Try it: Your task is to transcribe all the entries exactly, excluding pictures.

Annotated photo localization data
# # # # # # #

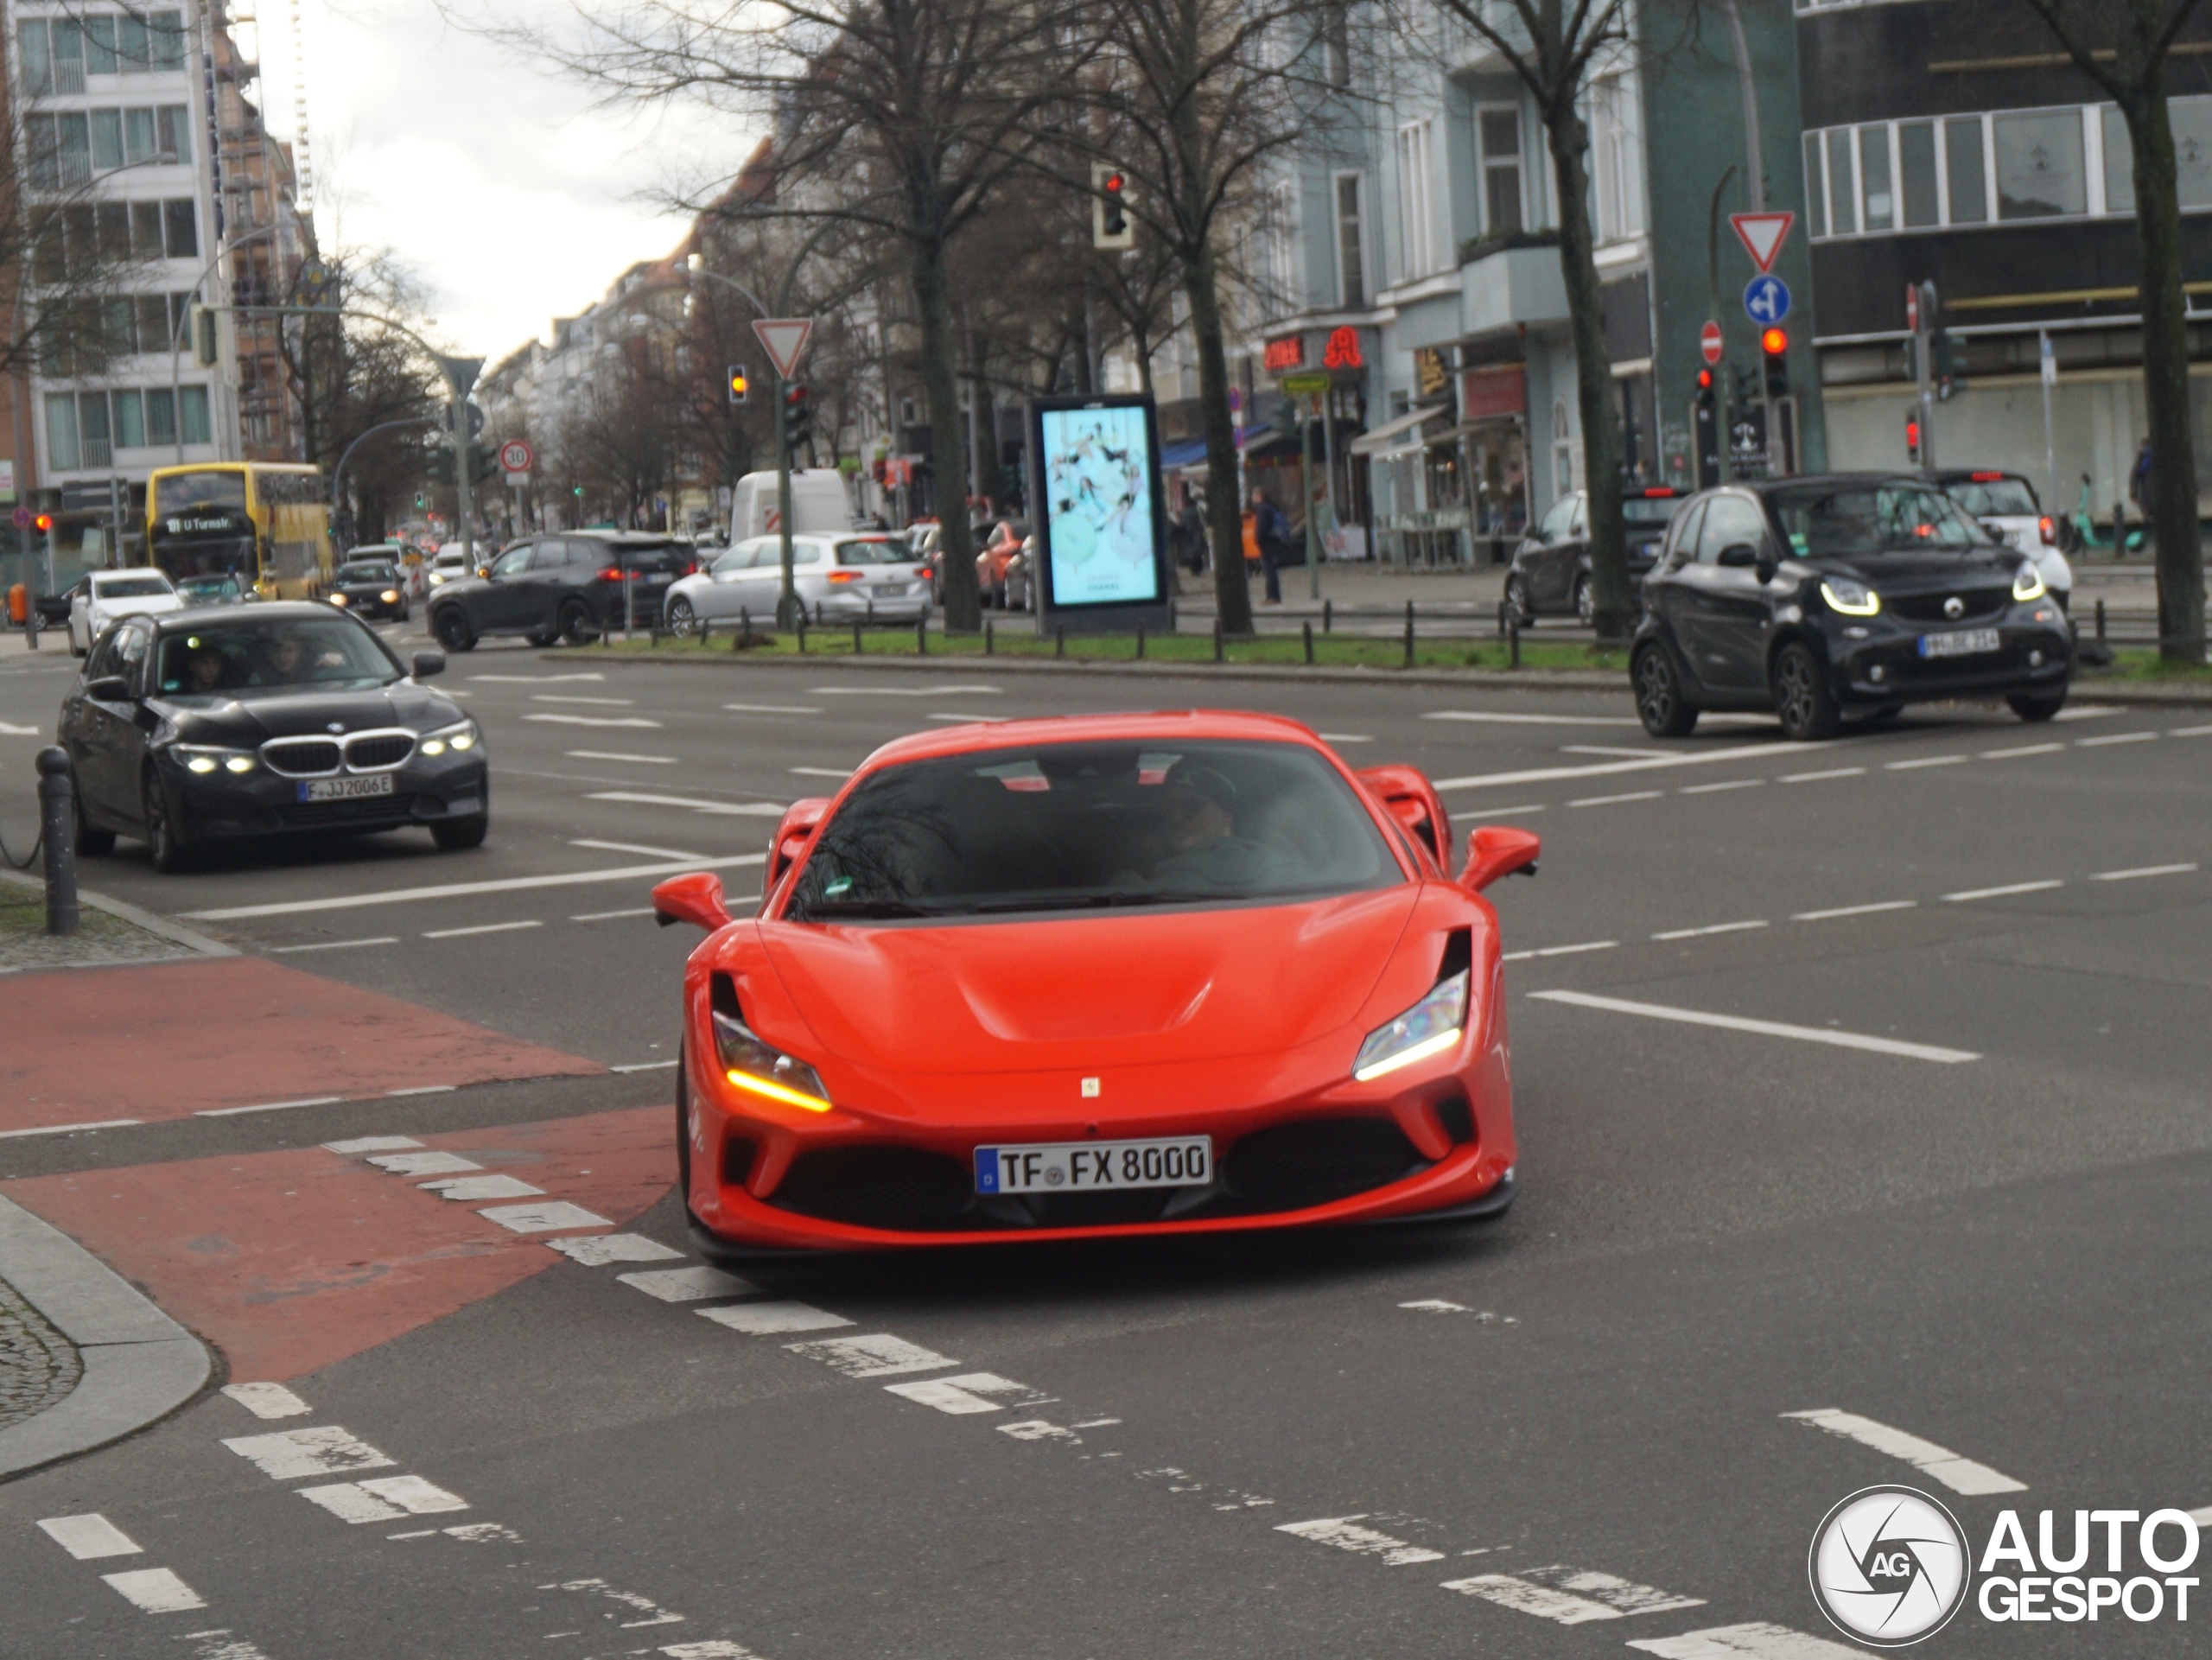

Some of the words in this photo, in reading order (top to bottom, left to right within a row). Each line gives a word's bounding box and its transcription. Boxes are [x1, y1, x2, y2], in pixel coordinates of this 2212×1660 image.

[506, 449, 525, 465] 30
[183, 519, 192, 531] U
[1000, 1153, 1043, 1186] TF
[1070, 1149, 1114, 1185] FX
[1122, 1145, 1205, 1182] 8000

# # # # # # #

Answer box:
Some of the words in this photo, in reading order (top to bottom, left to right within a row). Each line gives a word's bounding box and its transcription. Boxes are [x1, y1, x2, y2], in pixel coordinates of this 2212×1660 image.

[506, 449, 525, 465] 30
[183, 519, 192, 531] U
[1000, 1153, 1043, 1186] TF
[1070, 1149, 1114, 1185] FX
[1122, 1145, 1205, 1182] 8000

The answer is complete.